Producer Fee Revenue
Producer fees are recognized when the services have been performed. If upon receipt of the fees all services have not been provided, the fees will be deferred and recognized as the services are performed.
Music Revenue
Music revenues are recognized when the musical content has been delivered to the customer.
Film, Television Programs, and Music Production Costs
Film, television program, and music production costs are capitalized in accordance with ASC 926 Entertainment - Films. The capitalized amount is stated at the lower of cost, less accumulated amortization, or fair value. These costs represent capitalized costs for the production of films and other entertainment projects. In addition to the films, television programs and music being produced, costs of productions in development are capitalized as development costs and are transferred to production costs when the project is set for production. Films, television programs and music in development include costs of acquiring film rights to books, stage plays or original screenplays and costs to adapt such projects, as well as amounts paid to musical artists. Projects in development are written off at the earlier of the date they are determined not to be recoverable or when abandoned, or three years from the date of the initial investment.
Once a project is released to consumers, the capitalized costs are amortized on an individual project basis in the proportion that the current revenue for each project bears to the estimated remaining unrecognized revenue to be received from all sources for each project as of the beginning of the current year. Revenue and cost forecasts are periodically reviewed by management and revised when warranted.
The carrying value of the film costs are reviewed for impairment each reporting period on a project-by-project basis. If events or changes in circumstance indicate that the fair value of the capitalized costs on a specific project is less than its carrying value, an impairment charge is recognized in the amount by which the unamortized costs exceed the project’s fair value.
The Company has not completed any projects as of March 31, 2018 and, accordingly, has not recognized any impairment charge.
Share-Based Compensation
Employee and board member share-based payment compensation is measured at the grant date, based on the fair value of the award, and is recognized as an expense over the requisite service period.
Results of Operations
Financial presentation
The following sets forth a discussion and analysis of the Company’s financial condition and results of operations for the fiscal years ended June 30, 2017 and 2016, and the three and nine month periods ended March 31, 2018 and 2017. This discussion and analysis should be read in conjunction with our consolidated financial statements appearing elsewhere in this Registration Statement. The following discussion contains forward-looking statements. Our actual results may differ significantly from the results discussed in such forward-looking statements. Factors that could cause or contribute to such differences include, but are not limited to, those discussed in “Item 1A — Risk Factors” of this Registration Statement.

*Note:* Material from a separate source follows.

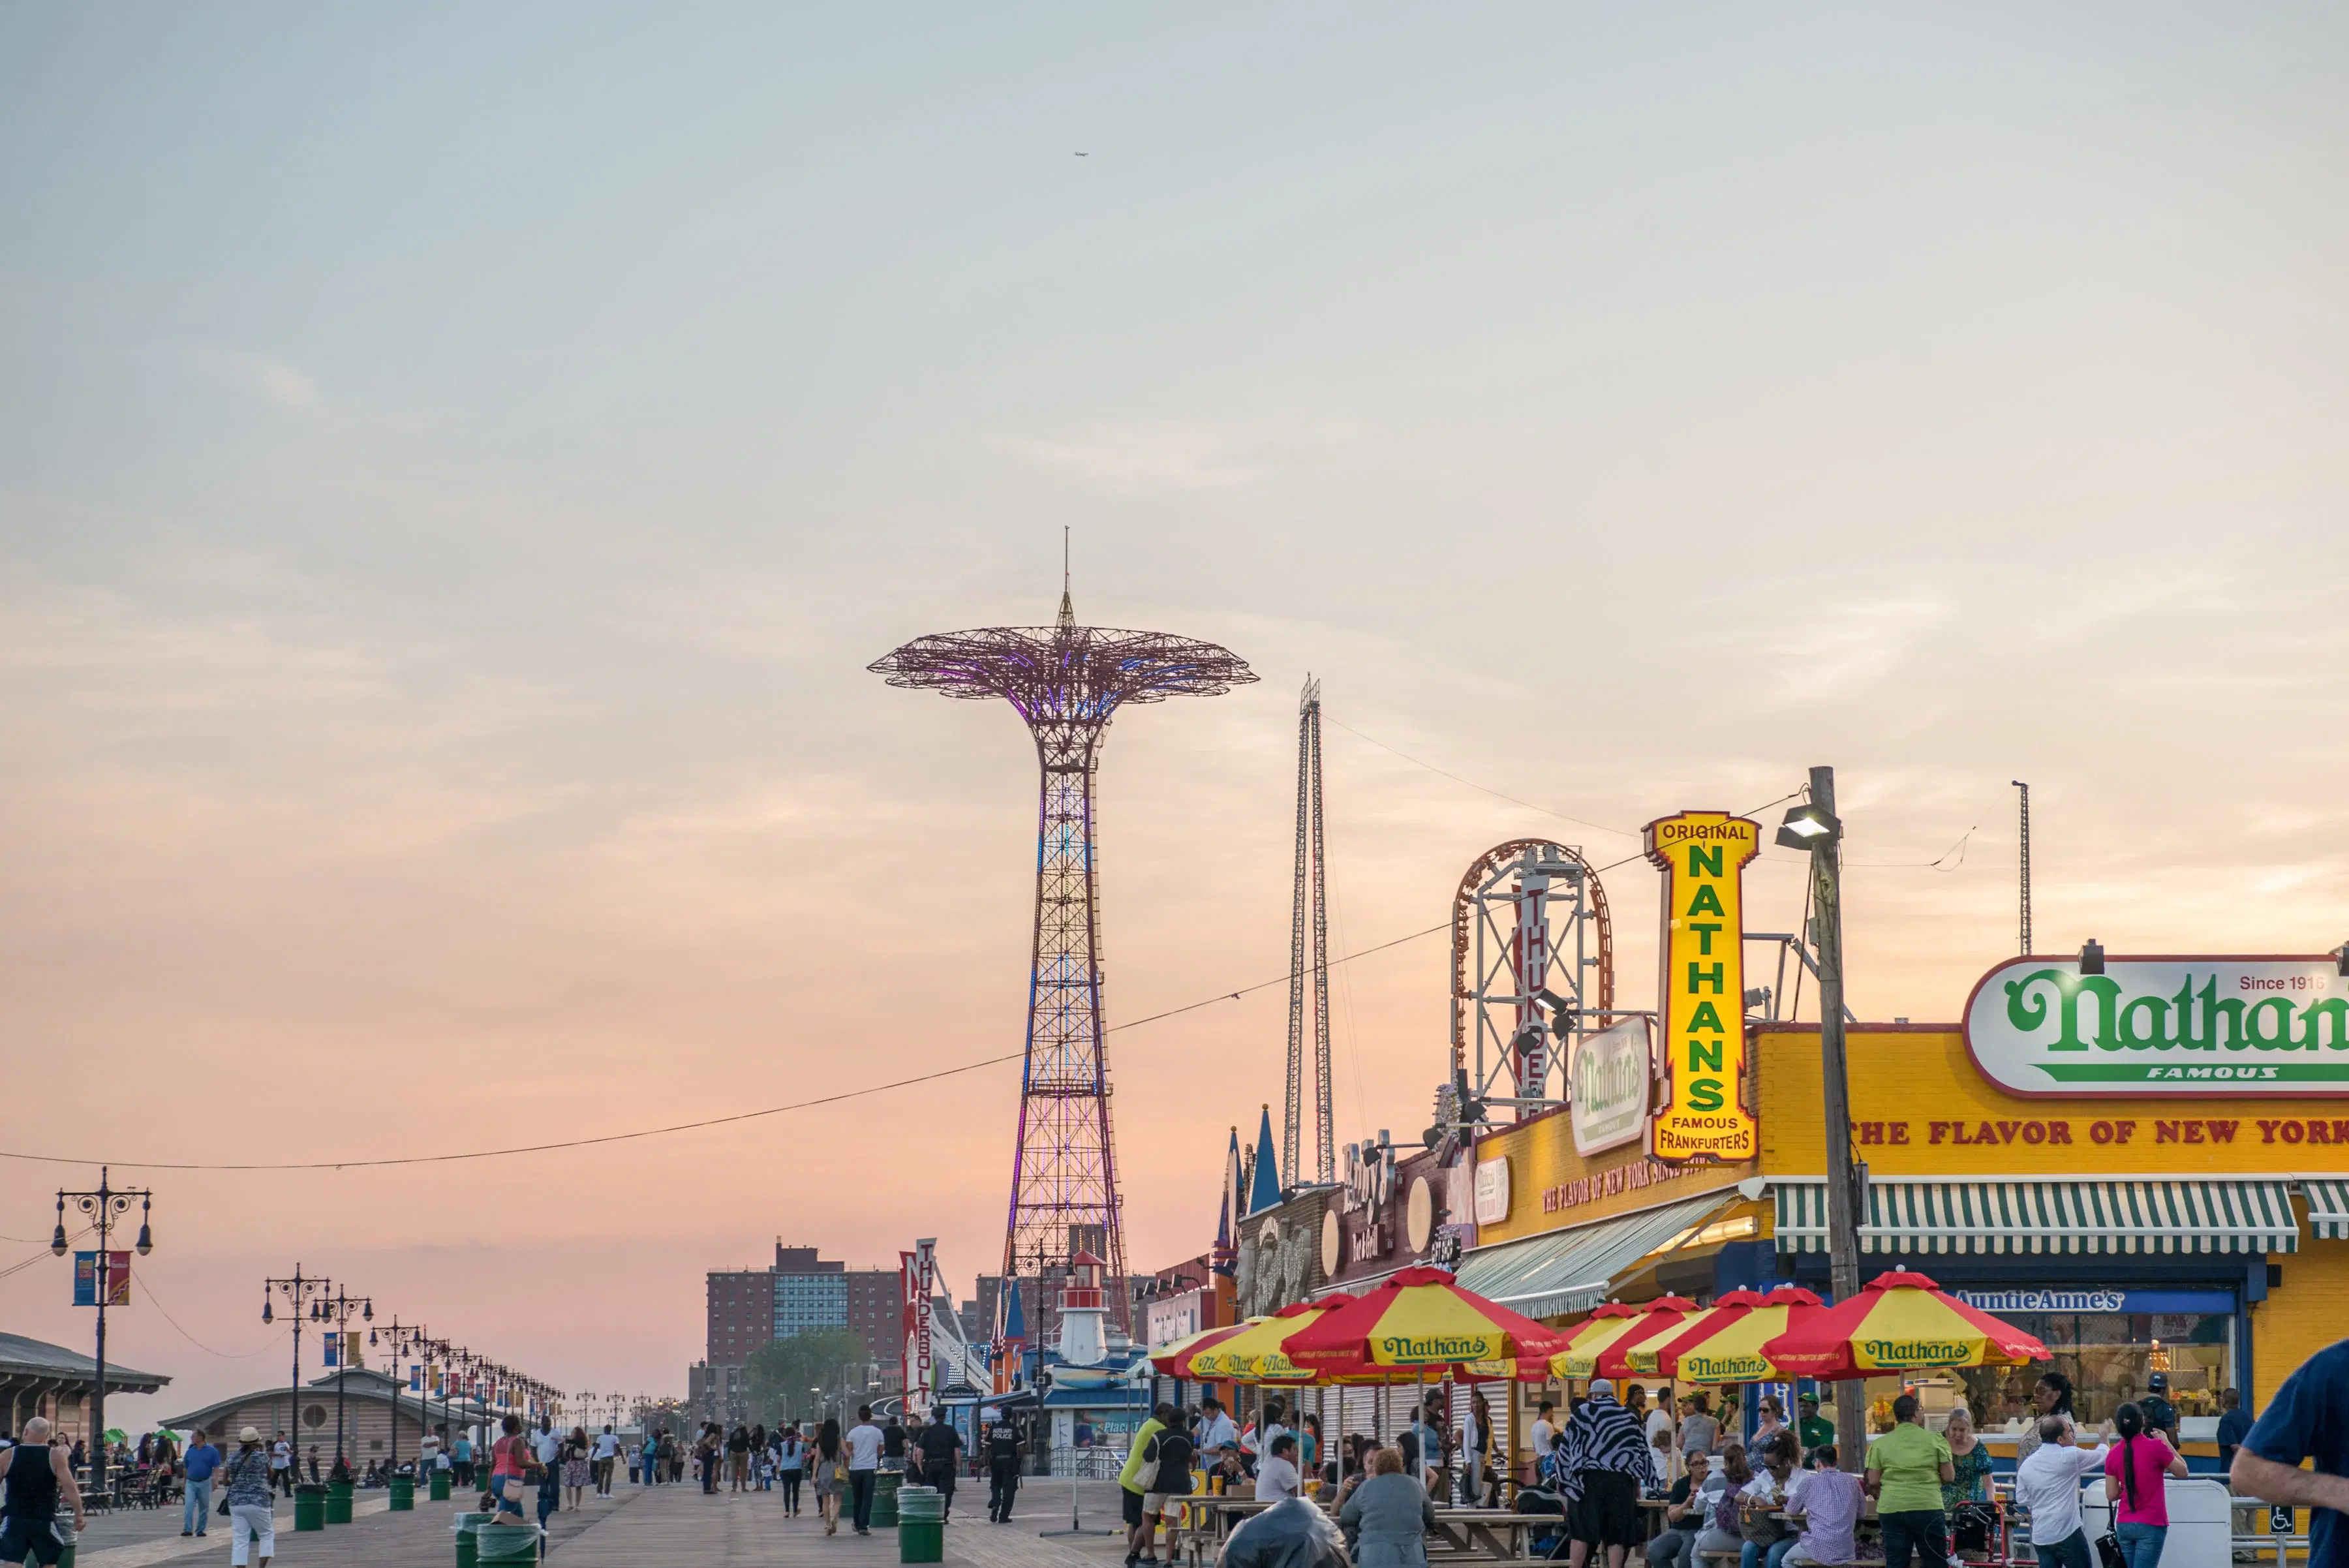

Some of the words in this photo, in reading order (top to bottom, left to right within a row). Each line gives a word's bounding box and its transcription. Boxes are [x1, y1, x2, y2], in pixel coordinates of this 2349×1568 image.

| Fiscal year ended June 30, 2017 | Fiscal year ended June 30, 2016 |
| | |
REVENUES - Producer’s Fees | $10,628 | $- |
OPERATING EXPENSES: | | |
General and Administrative Expenses | 3,327,133 | 137,371 |
| | |
LOSS FROM OPERATIONS | (3,316,505) | (137,371) |
| | |
OTHER INCOME / (EXPENSE): | | |
Interest Expense | (4,804) | (7,340) |
| | |
NET LOSS | $(3,321,309) | $(144,711) |
| | |
Basic and Diluted Loss Per Share | $(0.07) | $(0.00) |
Weighted Average Shares Outstanding | 48,265,479 | 48,000,000 |
| Three months ended March 31, 2018 | Three months ended March 31, 2017 | Nine months ended March 31, 2018 | Nine months ended March 31, 2017 |
| | | | |
| | | | |
REVENUES | $ 1,142 | $ - | $ 3,310 | $ - |
| | | | |
OPERATING EXPENSES: | | | | |
General and Administrative Expenses | 302,990 | 297,664 | 1,590,491 | 657,096 |
| | | | |
LOSS FROM OPERATIONS | (301,848) | (297,664) | (1,587,181) | (657,096) |
| | | | |
OTHER INCOME / (EXPENSE): | | | | |
Interest Expense | (449,548) | (103) | (458,458) | (522) |
| | | | |
NET LOSS | $ (751,396) | $ (297,767) | $ (2,045,639) | $ (657,618) |
| | | | |
Basic and Diluted Loss Per Share | $ (0.01) | $ (0.01) | $ (0.03) | $ (0.01) |
Weighted Average Shares Outstanding | 62,525,000 | 48,282,500 | 60,425,000 | 48,103,741 |
Film, Television Programs, and Music Production Costs
The Company had three feature films (“The Manuscript,” “Matefinder,” and “Child Support”) and several music projects in development as of March 31, 2018. The development costs to date are as follows:
| |
Balance at July 1, 2016 | $80,000 |
Additions | 71,945 |
Refunds/Reductions | - |
Transferred to Production Costs | - |
Expensed | - |
Balance at June 30, 2017 | 151,945 |
Additions | 3,780,035 |
Refunds/Reductions | (294,502) |
Transferred to Film Costs | - |
Expensed | - |
Balance at March 31, 2018 | $3,637,478
|
Revenue
Prior to the mergers and acquisitions of various operating subsidiaries, the Company was a shell with no operations. One of the Company’s predecessors had revenue in the latter half of fiscal 2014. Beginning in the last six months of fiscal 2017, the Company started to generate nominal producer’s fees which at this point is its sole source of income until the movies are distributed and royalties begin to be paid.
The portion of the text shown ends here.